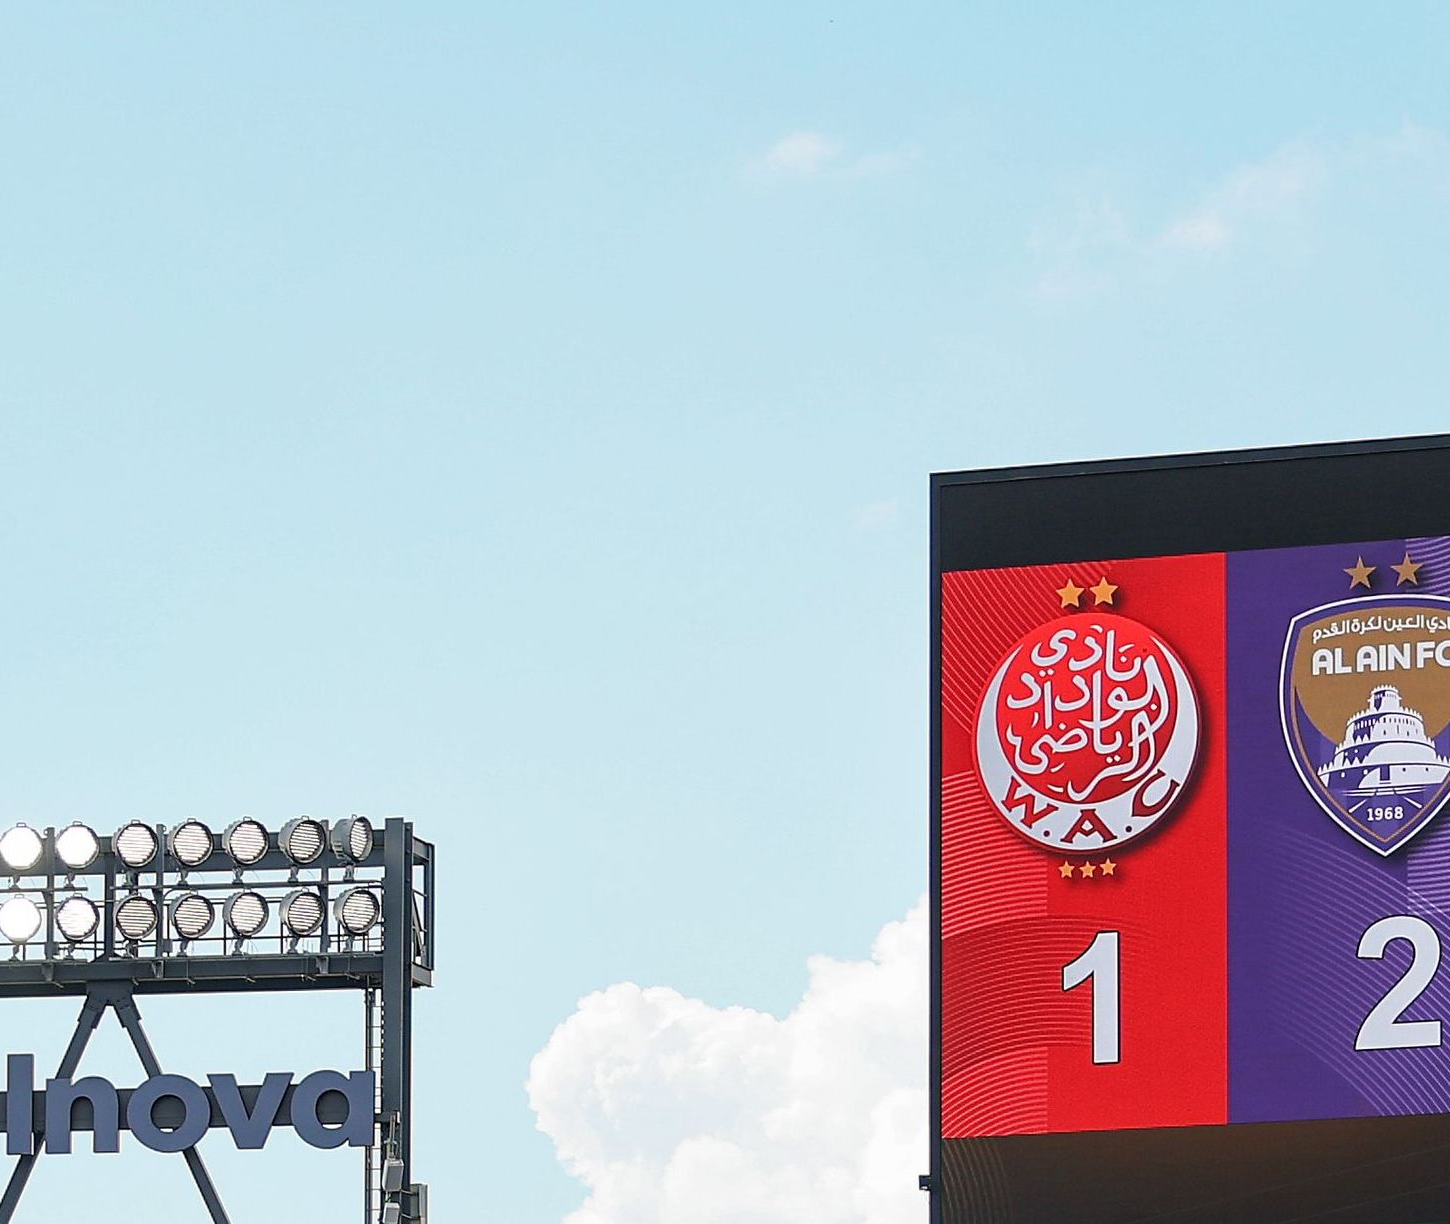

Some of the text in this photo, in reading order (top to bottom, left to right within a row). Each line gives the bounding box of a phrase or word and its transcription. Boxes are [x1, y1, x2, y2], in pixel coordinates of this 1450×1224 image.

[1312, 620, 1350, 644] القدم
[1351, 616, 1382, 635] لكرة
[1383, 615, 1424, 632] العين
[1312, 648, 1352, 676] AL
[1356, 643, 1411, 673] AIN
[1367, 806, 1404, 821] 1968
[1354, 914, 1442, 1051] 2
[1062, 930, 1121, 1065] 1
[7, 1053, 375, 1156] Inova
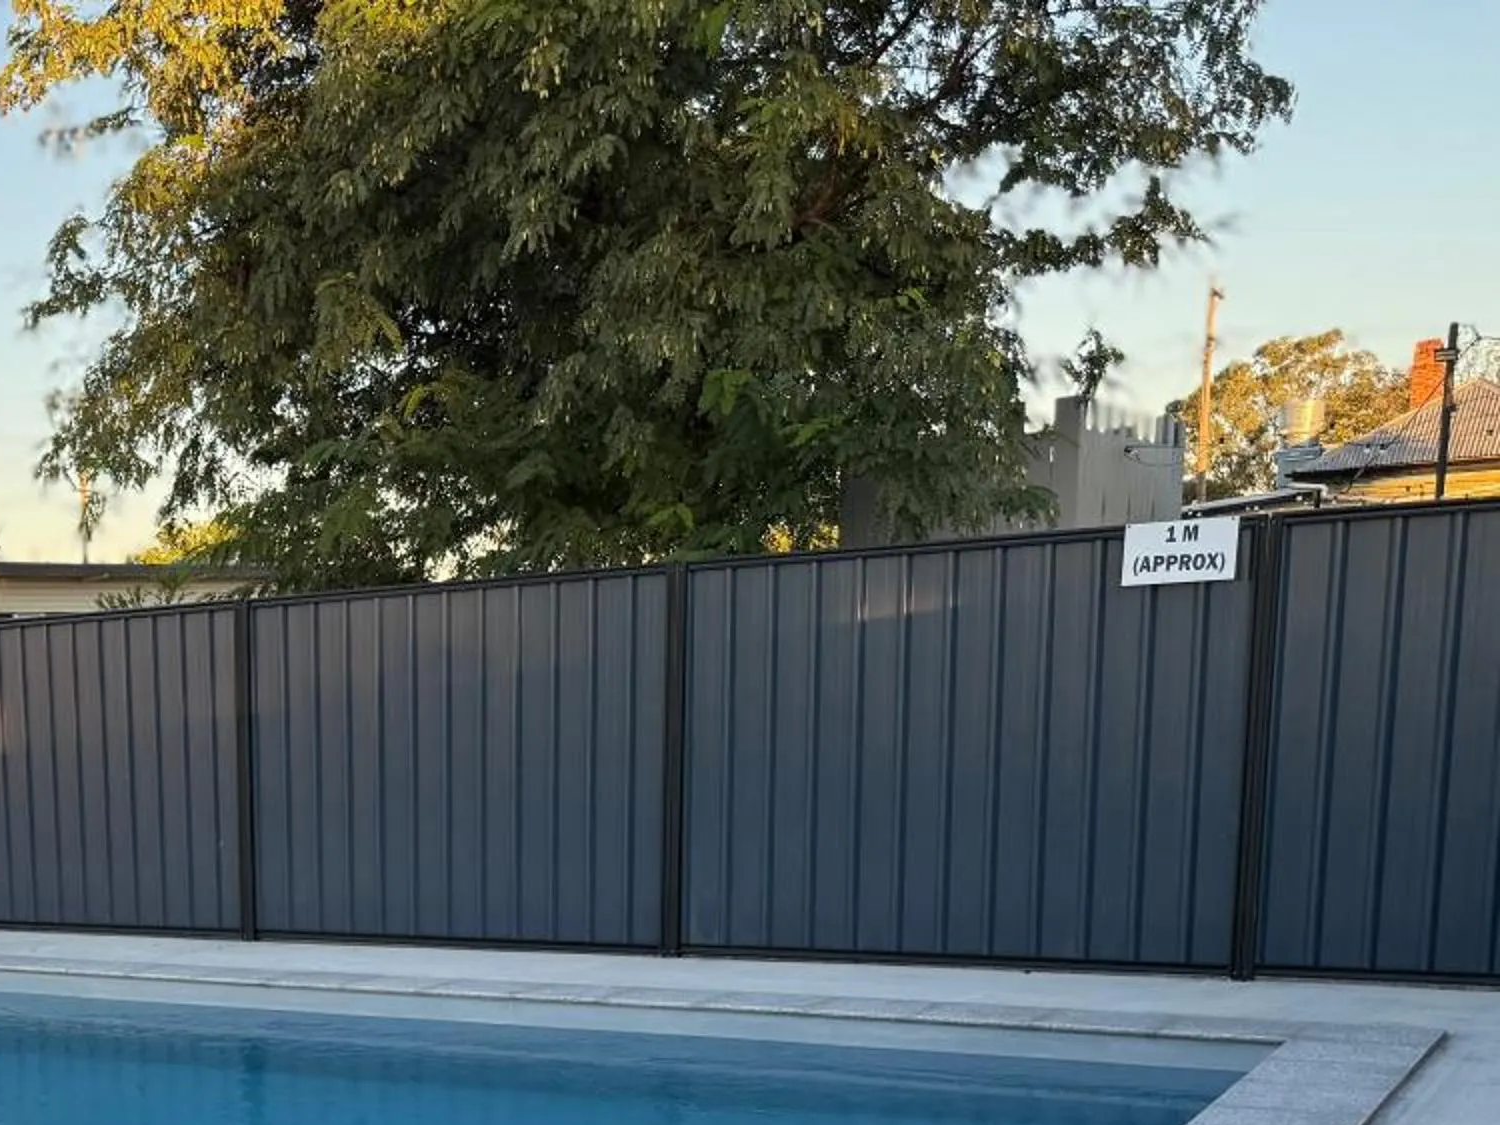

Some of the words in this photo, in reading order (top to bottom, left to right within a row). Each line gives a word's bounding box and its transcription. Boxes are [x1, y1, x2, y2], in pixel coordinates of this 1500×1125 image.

——

What you are asked to do:
Skipping all images, output the listing exactly.

Task answer:
Some of the text in this photo, in reading order (top to bottom, left to right within a row). Each line gives the bounding box of a phrase or word and its transcription. Boxes are [x1, y1, x2, y2], in pixel coordinates of this 1450×1224 image.

[1312, 620, 1350, 644] القدم
[1351, 616, 1382, 635] لكرة
[1383, 615, 1424, 632] العين
[1312, 648, 1352, 676] AL
[1356, 643, 1411, 673] AIN
[1367, 806, 1404, 821] 1968
[1354, 914, 1442, 1051] 2
[1062, 930, 1121, 1065] 1
[7, 1053, 375, 1156] Inova

Some of the words in this photo, in reading order (top to bottom, left to right within a row). Each line gives a word's bounding box and its transcription. Boxes are [x1, y1, x2, y2], in pixel coordinates of this 1500×1125 image.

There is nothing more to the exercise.